Member of the Massachusetts Senate for the 1st Worcester District
- In office 1916–1916
- Preceded by: Fred W. Cross
- Succeeded by: James L. Harrop

Member of the Massachusetts House of Representatives for the 22nd Worcester District
- In office 1908–1915
- Preceded by: Elmer C. Potter
- Succeeded by: Daniel Waldo Lincoln II

Personal details
- Born: January 4, 1868 Worcester, Massachusetts, U.S.
- Died: February 26, 1946 (aged 78) Boston, Massachusetts, U.S.
- Resting place: Rural Cemetery Worcester, Massachusetts
- Party: Republican
- Alma mater: Harvard College
- Occupation: Lawyer Author

= Robert M. Washburn =

American politician and writer

Robert Morris Washburn (1868–1946) was an American politician and writer who served in the Massachusetts General Court and wrote a newspaper column and a number of biographies on Massachusetts politicians, including Calvin Coolidge.

==Early life==
Washburn was born on January 4, 1868, in Worcester, Massachusetts, to Charles F. and Mary E. (Whiton) Washburn. He was the one of seven children. His older brother, Charles G. Washburn, was a member of the United States House of Representatives. Another brother, Reginald, was chairman of the Worcester Liquor Commission. He graduated from Harvard College in 1890 and attended Harvard Law School. He studied law in Worcester offices and was admitted to the bar in 1892. Washburn owned the Princeton Bantam Yards, a poultry farm in Princeton, Massachusetts, where he bred prize-winning Red Pyle Game Bantam hens.

==Political career==
===State legislature===
In 1907, Washburn was elected to the Massachusetts House of Representatives. He was described as an "insurgent" and had no problem opposing the state Republican machine. He served as chairman of the committee on railroad and was a vocal opponent of the proposed merger of the Boston & Maine and New York, New Haven, & Hartford railroads. In 1912 he was a candidate for Speaker of the House, but lost to Grafton D. Cushing. In 1915, Washburn was elected to the state senate. He resigned early into his only term in the Senate due to ill health. Following his departure from the legislature, Washburn went to Baltimore to recover. While there he met Martha Ross Clark and the two married in 1916.

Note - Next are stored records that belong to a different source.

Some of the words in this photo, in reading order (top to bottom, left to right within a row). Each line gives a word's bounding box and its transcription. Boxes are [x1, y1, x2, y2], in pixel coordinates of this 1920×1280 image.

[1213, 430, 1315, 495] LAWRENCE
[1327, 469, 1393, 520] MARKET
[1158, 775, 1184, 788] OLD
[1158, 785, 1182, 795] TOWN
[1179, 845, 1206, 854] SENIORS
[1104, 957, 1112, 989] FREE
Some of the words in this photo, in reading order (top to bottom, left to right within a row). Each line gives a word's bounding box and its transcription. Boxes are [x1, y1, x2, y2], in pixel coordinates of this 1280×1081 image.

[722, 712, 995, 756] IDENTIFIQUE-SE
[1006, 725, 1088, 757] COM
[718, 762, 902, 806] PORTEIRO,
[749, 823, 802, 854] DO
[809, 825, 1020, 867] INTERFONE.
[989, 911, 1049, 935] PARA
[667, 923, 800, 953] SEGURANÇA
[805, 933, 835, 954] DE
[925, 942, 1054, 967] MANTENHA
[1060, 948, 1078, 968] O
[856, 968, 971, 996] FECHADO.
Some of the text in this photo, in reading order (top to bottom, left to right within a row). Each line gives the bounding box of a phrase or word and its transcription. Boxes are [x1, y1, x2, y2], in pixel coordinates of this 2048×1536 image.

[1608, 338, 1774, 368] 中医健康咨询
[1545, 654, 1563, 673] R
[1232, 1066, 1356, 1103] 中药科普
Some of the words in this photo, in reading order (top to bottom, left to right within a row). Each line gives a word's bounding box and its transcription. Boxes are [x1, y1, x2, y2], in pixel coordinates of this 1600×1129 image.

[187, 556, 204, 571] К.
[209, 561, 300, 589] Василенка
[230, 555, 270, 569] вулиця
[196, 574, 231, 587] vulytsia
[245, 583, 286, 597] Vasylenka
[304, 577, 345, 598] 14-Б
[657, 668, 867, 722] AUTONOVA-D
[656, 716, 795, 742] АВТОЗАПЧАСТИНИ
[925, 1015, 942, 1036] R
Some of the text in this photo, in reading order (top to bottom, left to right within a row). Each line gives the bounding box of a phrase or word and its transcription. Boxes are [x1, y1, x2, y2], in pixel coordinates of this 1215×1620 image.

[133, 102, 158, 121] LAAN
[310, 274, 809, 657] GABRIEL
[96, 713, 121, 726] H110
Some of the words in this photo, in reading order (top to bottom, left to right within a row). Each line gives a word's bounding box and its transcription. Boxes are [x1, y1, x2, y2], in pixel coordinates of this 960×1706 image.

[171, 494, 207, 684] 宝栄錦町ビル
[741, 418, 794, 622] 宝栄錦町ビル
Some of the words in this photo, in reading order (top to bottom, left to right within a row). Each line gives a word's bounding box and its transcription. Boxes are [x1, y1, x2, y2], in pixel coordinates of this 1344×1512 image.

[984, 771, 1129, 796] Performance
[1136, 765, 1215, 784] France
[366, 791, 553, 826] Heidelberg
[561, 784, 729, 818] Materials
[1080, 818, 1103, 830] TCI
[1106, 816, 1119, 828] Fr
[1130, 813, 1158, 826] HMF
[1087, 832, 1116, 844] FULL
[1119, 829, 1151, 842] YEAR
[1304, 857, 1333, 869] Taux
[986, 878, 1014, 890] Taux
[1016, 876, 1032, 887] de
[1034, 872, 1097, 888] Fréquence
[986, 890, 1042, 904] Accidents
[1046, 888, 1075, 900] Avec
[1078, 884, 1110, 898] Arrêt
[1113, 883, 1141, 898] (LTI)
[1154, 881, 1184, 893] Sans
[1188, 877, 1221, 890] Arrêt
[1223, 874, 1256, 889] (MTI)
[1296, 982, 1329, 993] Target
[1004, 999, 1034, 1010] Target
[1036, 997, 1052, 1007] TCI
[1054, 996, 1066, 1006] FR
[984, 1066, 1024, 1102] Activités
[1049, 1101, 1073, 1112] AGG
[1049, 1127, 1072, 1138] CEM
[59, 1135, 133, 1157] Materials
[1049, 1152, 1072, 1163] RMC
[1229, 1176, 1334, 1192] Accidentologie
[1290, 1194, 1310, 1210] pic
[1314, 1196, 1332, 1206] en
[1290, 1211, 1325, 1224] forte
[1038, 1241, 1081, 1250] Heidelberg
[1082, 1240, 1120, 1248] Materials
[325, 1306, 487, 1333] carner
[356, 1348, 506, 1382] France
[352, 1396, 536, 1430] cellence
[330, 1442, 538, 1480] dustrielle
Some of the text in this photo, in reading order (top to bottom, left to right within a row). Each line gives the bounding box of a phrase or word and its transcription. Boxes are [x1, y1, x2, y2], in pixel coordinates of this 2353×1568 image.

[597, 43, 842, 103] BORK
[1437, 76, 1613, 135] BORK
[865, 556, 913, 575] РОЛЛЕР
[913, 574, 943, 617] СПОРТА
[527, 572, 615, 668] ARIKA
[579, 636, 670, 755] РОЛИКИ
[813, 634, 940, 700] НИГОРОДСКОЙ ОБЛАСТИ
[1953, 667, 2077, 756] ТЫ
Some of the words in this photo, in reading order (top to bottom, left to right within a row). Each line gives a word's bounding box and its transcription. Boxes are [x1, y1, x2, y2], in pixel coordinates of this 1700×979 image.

===Presidential campaigns===
Washburn supported Theodore Roosevelt for the Republican presidential nomination in 1912 and 1916. In 1922 Washburn helped establish the Roosevelt Club of Massachusetts and served as its president for many years. Following Roosevelt's death, Washburn supported William Borah.

===Statewide campaigns===
In 1920, Washburn ran as an independent candidate for Lieutenant Governor of Massachusetts. He finished in third place with 14% of the vote to Republican Alvan T. Fuller's 54% and Democrat Marcus A. Coolidge's 29%.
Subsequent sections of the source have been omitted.